In 2012, the World Health Organisation reported 216 million clinical cases globally, with 650,000 deaths mostly among children less than five years old. And in 2013, 198 million cases were reported globally including 540,000 death rate‎. According Professor Wellington Oyibo, a tropical disease specialist at the Lagos University Teaching Hospital, LUTH, Nigeria loses over N‎132 billion – a figure that factors in cost of health care, absenteeism, days lost in education, decreased productivity – due to brain damage from cerebral malaria and loss of investment and tourism. “Malaria has significant measurable direct and indirect costs. ‎And is a major constraint to economic development with large disparity between counties with malaria and countries without malaria yearly,” he said of this health challenge.

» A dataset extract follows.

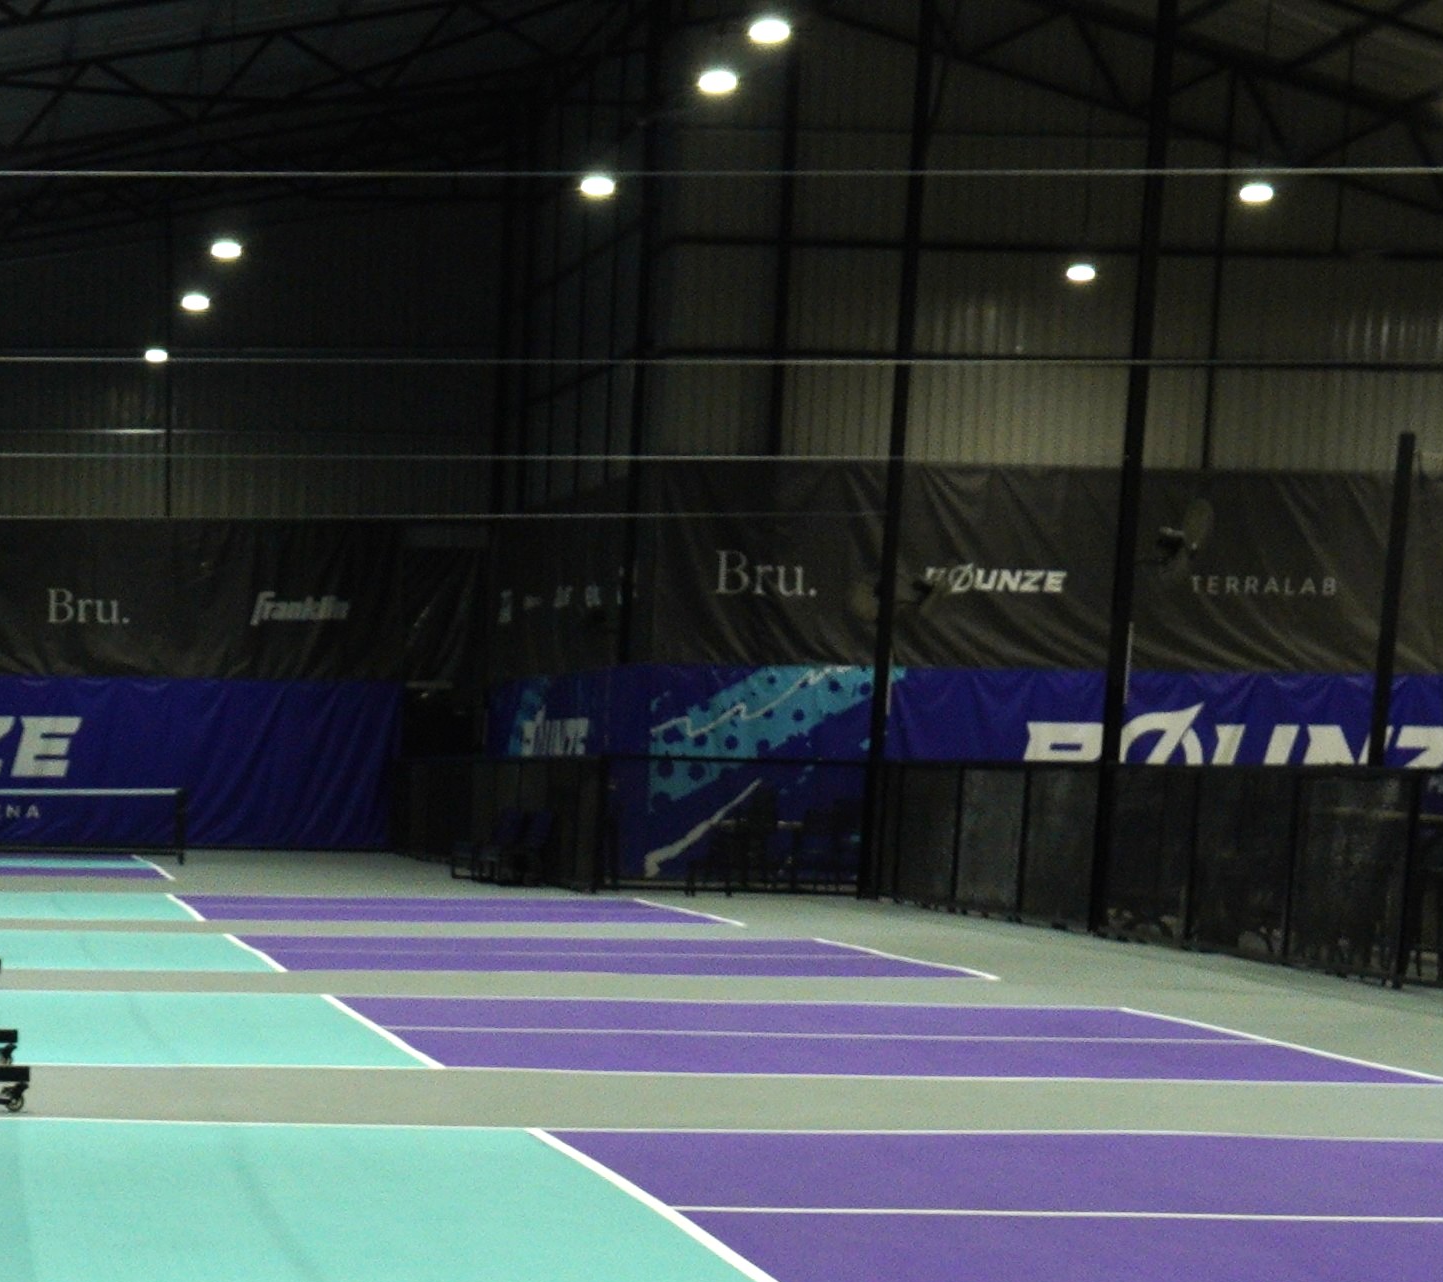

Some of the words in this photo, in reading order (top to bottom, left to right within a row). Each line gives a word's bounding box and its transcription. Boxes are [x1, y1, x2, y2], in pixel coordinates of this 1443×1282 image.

[717, 549, 818, 596] Bru.
[1190, 574, 1337, 597] TERRALAB
[47, 588, 130, 625] Bru.

Severe malaria presents with one or more clinical conditions with the evidence of vital organs dysfunction, such as multiple convulsion, abnormal bleeding, jaundice, circulatory collapse, brain damage and renal impairment among others. Unfortunately, despite the global efforts to control its prevalence rate, the disease remains very high. Indeed, WHO affirms that “malaria continues to claim the lives ‎of children and incapacitating adults. The disease is holding back the development of the entire continent.”

Its resulting symptoms include high temperature, fever, vomiting, abdominal pain, sweating, inflammation of the spleen, headache, dizziness, lethargy, excessive sleeplessness, loss of libido in men, jaundice and anaemia. Diagnosis of malaria is complex and requires equipment such as microscopes or rapid diagnostic test. There is frequent over-diagnosis of malaria in many hospitals due to the historical tendency to treat all fevers with anti-malarials.

In addition, Dr. Nnenna Ezeigwe, the National Coordinator of National Malaria Elimination Programme, mentioned that there is large-scale under-diagnosis of malaria as many do not seek, or are unable to reach health care facilities. “The situation is worsened by the fact that symptoms of malaria are non-specific and many people with malaria also have other illness,” the doctor said further explaining that there is need for laboratory investigation on blood sample to detect the presence of the malaria parasite in the blood and also to determine if the disease is at an acute or chronic stage. She warned Nigerians on the use of malaria drugs based on assumption when presented with similar symptoms as such could eventually lead to the abuse of malaria drugs.

Treatment of malaria is not as easy as one would imagine. The parasites undergoes some changes in the liver before invasion of the blood. One tends to attack the parasites in the blood while ‎some parasites are still in the liver waiting to invade the blood. Therefore attacking the parasites in the blood alone does not necessarily put an end to the disease.

According to Pharmacist Fredrick Adedeji Oduwole, Treasurer of Pharmaceuticals Society of Nigeria, Lagos State branch, drug treatment option for malaria is based on whether the patient has acute, uncomplicated or severe malaria. WHO, he said, recommends that anti-malarial treatment for acute uncomplicated falciparum malaria in Nigeria is artemisinin-based combination therapy, ACT. “The ACT, remains the first line of treatment of malaria because of high level of treatment failures due to the growing resistance to limited number of anti malarial drugs available,” he said.